Write the full listing out again, word for word, but omit the pictures.

> [SUPPLIED INFORMATION]:
***

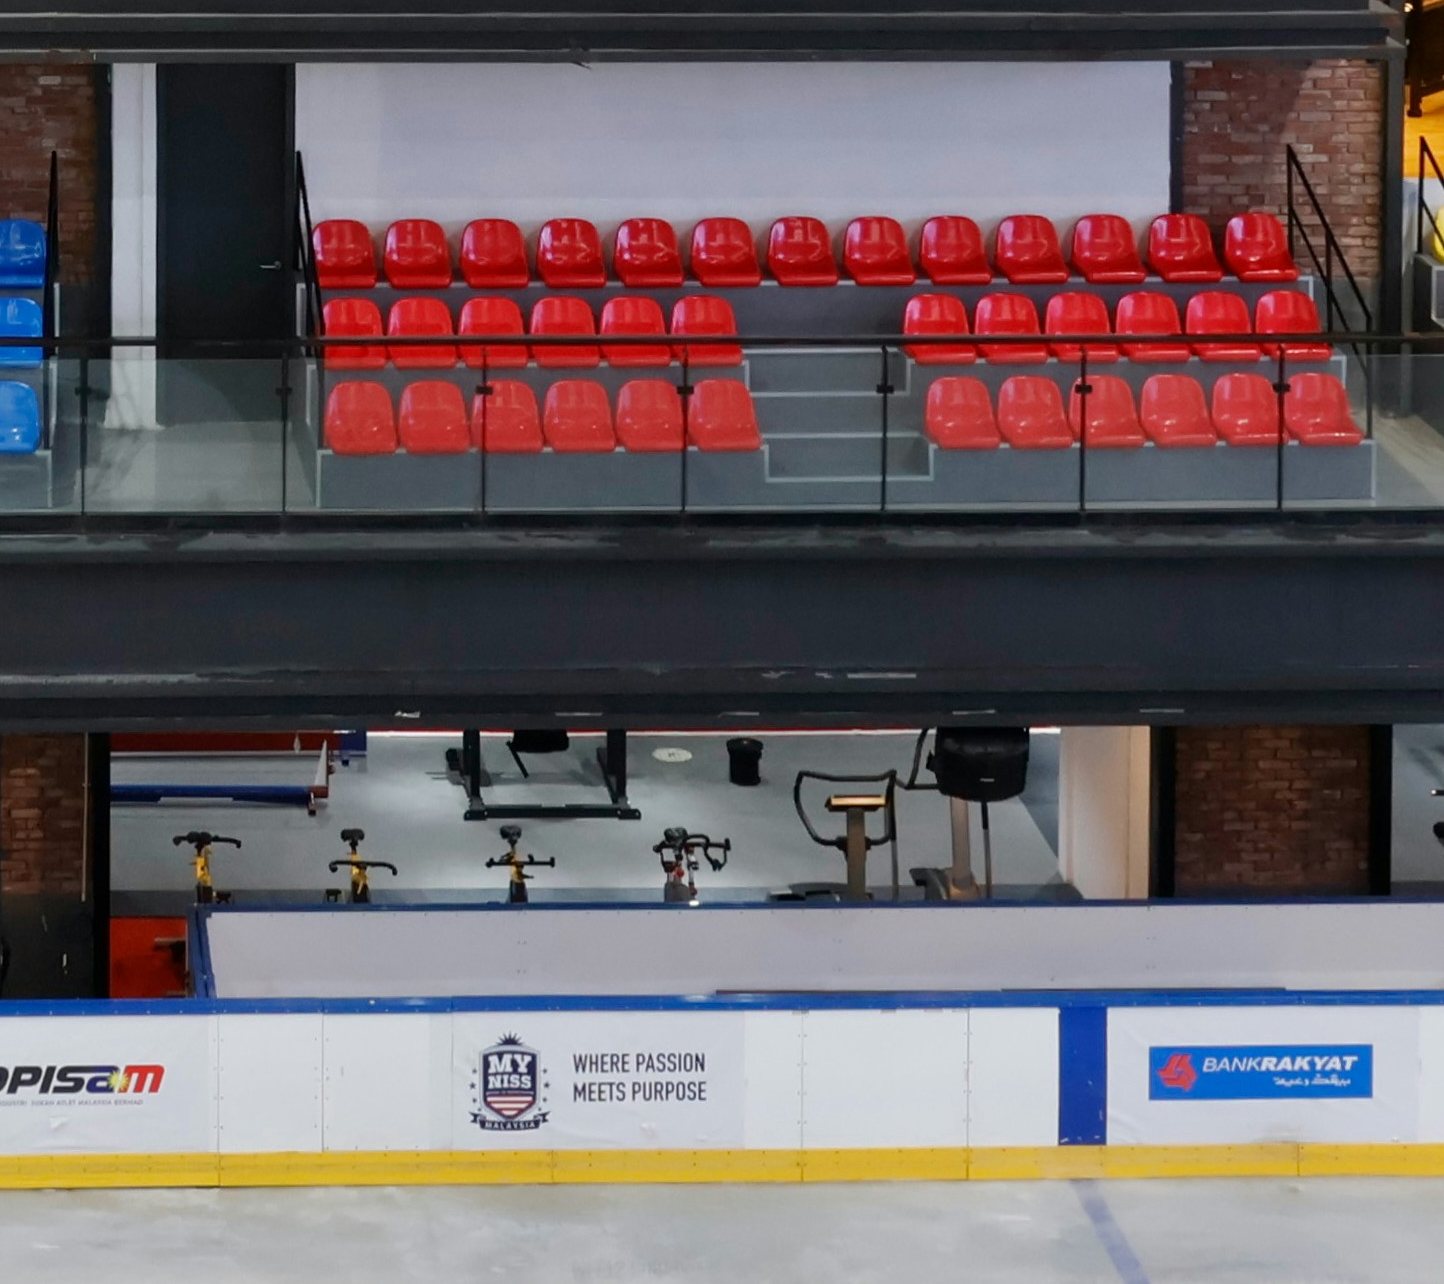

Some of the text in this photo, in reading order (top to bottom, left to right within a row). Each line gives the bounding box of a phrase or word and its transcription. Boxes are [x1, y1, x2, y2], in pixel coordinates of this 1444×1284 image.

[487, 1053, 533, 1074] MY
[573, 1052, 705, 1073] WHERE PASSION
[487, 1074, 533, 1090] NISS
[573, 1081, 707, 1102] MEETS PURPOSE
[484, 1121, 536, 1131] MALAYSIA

***

> [ANSWER FOR THE TASK]:
Some of the text in this photo, in reading order (top to bottom, left to right within a row). Each line gives the bounding box of a phrase or word and its transcription. Boxes are [x1, y1, x2, y2], in pixel coordinates of this 1444×1284 image.

[487, 1053, 533, 1074] MY
[573, 1052, 705, 1073] WHERE PASSION
[487, 1074, 533, 1090] NISS
[573, 1081, 707, 1102] MEETS PURPOSE
[484, 1121, 536, 1131] MALAYSIA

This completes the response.